毎年一月に開催されるBCN AWARDは、同じく恒例となっている神田明神へのお参りとあわせ、今年一年のやる気を駆り立てるいい機会になっています。

今年のBCN AWARDでの個人的なトピックは、受賞式の後に開催された懇親会での乾杯の発声を行ったこと。弥生よりも圧倒的に大きい会社の方もいらっしゃる中で、ご指名を頂くとは少々意外でしたが、おそらくBCN AWARDの発足以来17年連続受賞を評価頂いてのことかと思い、大役を務めさせて頂くことになりました。

乾杯の挨拶では、変わらないこと、変わることをテーマにお話しさせて頂きました。ちょっと前に弥生への入社を検討頂いている方との面接で、「長年No.1を維持できている秘訣は何ですか」と聞かれたことが記憶に残っていたからです。

弥生がBCN AWARD発足以来、17年間No.1を維持できているその理由。それは「変わらなかったから」であると同時に「変わったから」だと考えています。

この17年間(その前もですが)、弥生の想いは変わることがありませんでした。日本の中小企業、個人事業主、起業家の事業の立上げと発展を支えたい。実は正確に言えば、この想いが一瞬揺らいだ時期はありました。より単価の大きいビジネスを求め、従来よりも大きい規模のお客さまを求めた時期が。その揺らぎは、やがてシェアの低下につながっていきました。幸いにしてBCN AWARDの受賞が危ぶまれるような事態になる前に、軌道修正を行うことができました。
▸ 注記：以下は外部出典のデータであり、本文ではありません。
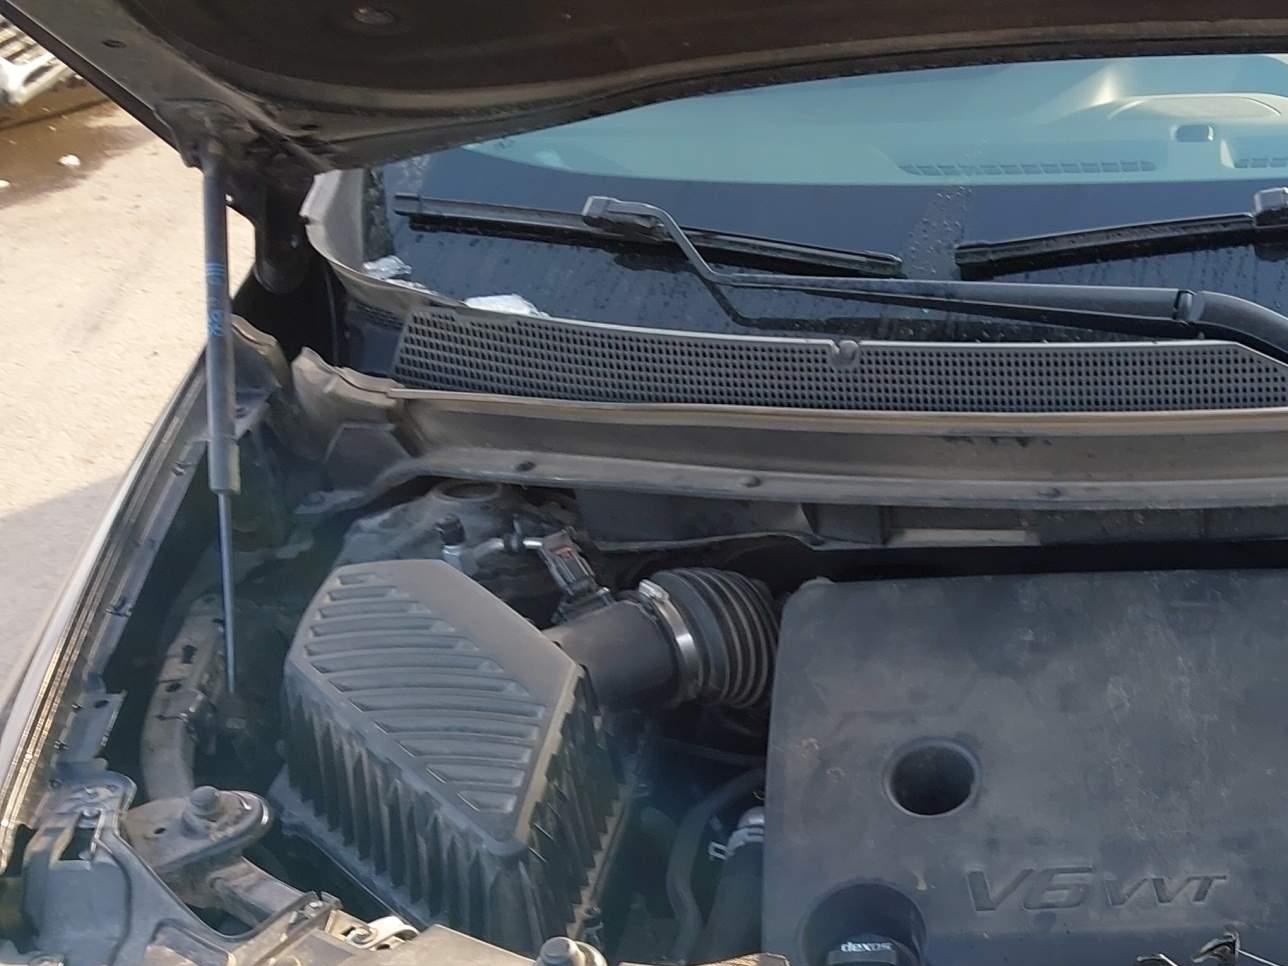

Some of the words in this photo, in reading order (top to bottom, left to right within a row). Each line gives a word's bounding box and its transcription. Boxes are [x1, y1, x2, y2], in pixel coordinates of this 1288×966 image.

その後は、弥生のお客さまに関する想いは一ミリたりともブレていません。

一方で、想いが変わらないことは、やることが変わらないことを意味するものではありません。一貫した想いを実現するために、むしろやることはドンドンと変えていく。最近で言えば、昨今の家電量販店の店頭のあり方を反映し、パッケージを小型化したり、POSAと呼ばれる販売形態を導入したり。こういった新しい試みは、下手をすれば、売行きを低下させたり、シェアの低下につながるリスクもあります。ただ、時代が流れる中で、変わることを拒絶することは、時代から遅れていくことを意味します。そこに待っているものは、ゆっくりとした衰退しかありません。

他の例で言えば、クラウドアプリケーションである弥生オンラインの立上げ。弥生オンラインは家電量販店では販売していませんので、お客さまが弥生オンラインに一気に流れれば、相対的に家電量販店での売行きが失速する、シェアが低下する、最悪のケースでは家電量販店での販売に特化している競合にNo.1の座を奪われる可能性もあります。

それでも、お客さまのニーズがそこにあるのであれば、時代の流れがそちらを向いているのであれば、果敢にチャレンジする。変わらない想いのために、自らを駆り立て、自らの意志で変わっていく。

お蔭さまで弥生は圧倒的No.1。ちょっと前にもお話ししましたが、クラウドでも既に過半のシェアでNo.1です。今後もNo.1を守りではなく、攻めによって維持していきたいと思っています。

懇親会の乾杯の挨拶としては、上記の骨子をもう少し広げてお話ししました。ただ、結果的に結構長い挨拶になってしまい反省しております。おそらく当面は乾杯の挨拶の依頼はなくなったのではないかと(苦笑)。